Dr. Sampson Davis often says too many people wait until it’s time to visit the emergency room, but for a lot of conditions, it’s too late for treatment.

Davis, perhaps best known for making a pact with high school friends Rameck Hunt and George Jenkins to leave the mean streets and become doctors, has chronicled his experiences as an emergency room physician in Newark, N.J., but also that of those who treat the ER as a primary care facility.

The trio’s experiences leading up to and after their successes were detailed in “The Pact” and “The Bond.”

In his book, “Living and Dying in Brick City: An E.R. Doctor Returns Home,” Davis details some of his more compelling encounters with patients who remind him of a time in his life when he was poor and vulnerable. Davis also offers practical health advice for everyone.

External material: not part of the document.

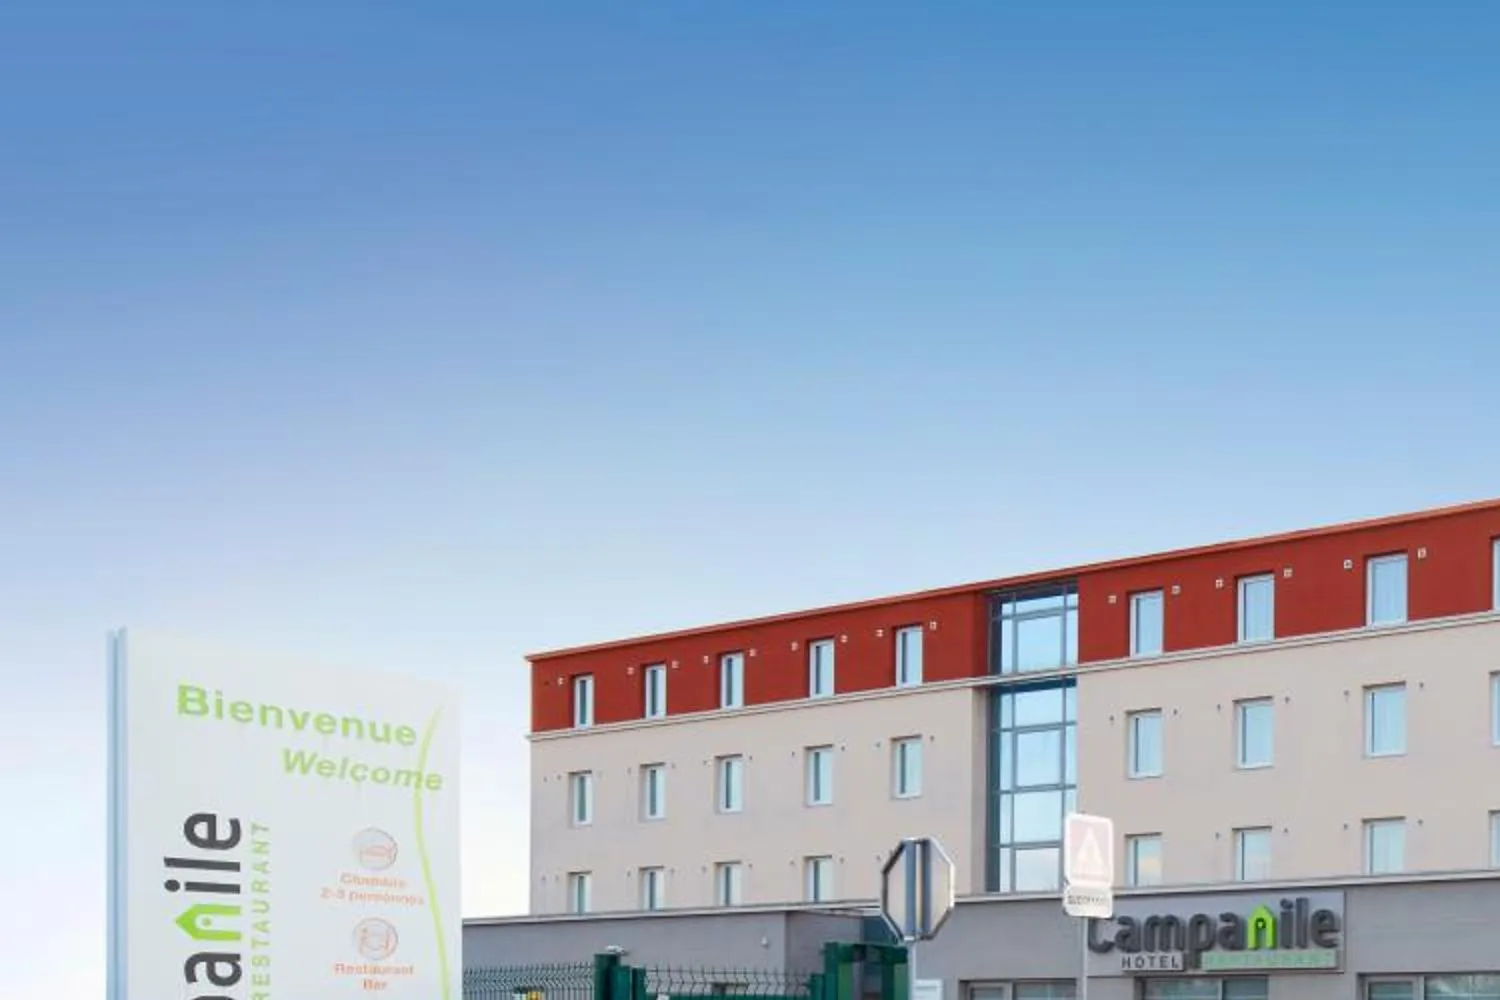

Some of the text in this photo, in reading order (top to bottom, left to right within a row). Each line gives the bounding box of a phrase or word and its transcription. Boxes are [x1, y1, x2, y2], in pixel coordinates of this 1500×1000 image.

Davis did not have a smooth and easy path to becoming a doctor. In fact, it wasn’t until Davis had served time in juvenile detention for an armed robbery that he decided to change his life. All of his associates, however, didn’t make it out of the cycle of violence.

Early in residency at a Newark Hospital, Davis recognized a name among a list of patients on a chalkboard and quickly realized it was the friend with whom he committed the armed robbery. The young man had been shot several times and died just before Davis arrived at the hospital that day.

Davis also had to contend with the rise in prescription drug abuse in poor neighborhoods, not just victims of recreational drugs like cocaine and heroin. He had to face the mental health crisis that often drives people to attempt, and sometimes succeed at, suicide. Many in the African American community refuse to seek help for mental health issues because they fear being labeled crazy or think their issues are simply a result of weak spiritual faith. Many families don’t contend with the issue until the patient’s behavior reaches a crisis stage or they act out by committing a crime or attempting suicide.

But most commonly, Davis discovered, it is the routine, silent killers that most afflict the black community: heart disease, stroke, diabetes and obesity, as well as the toll that sexually transmitted infections among women take. After his own sister died of AIDS, Davis vowed to use his platform to get the message out to young people, especially young women, that they have the power to protect themselves from preventable sexually transmitted infections.

Davis, Hunt and Jenkins founded The Three Doctors Foundation to help young people get the care, concern and guidance that helped them keep their commitment to become medical professionals.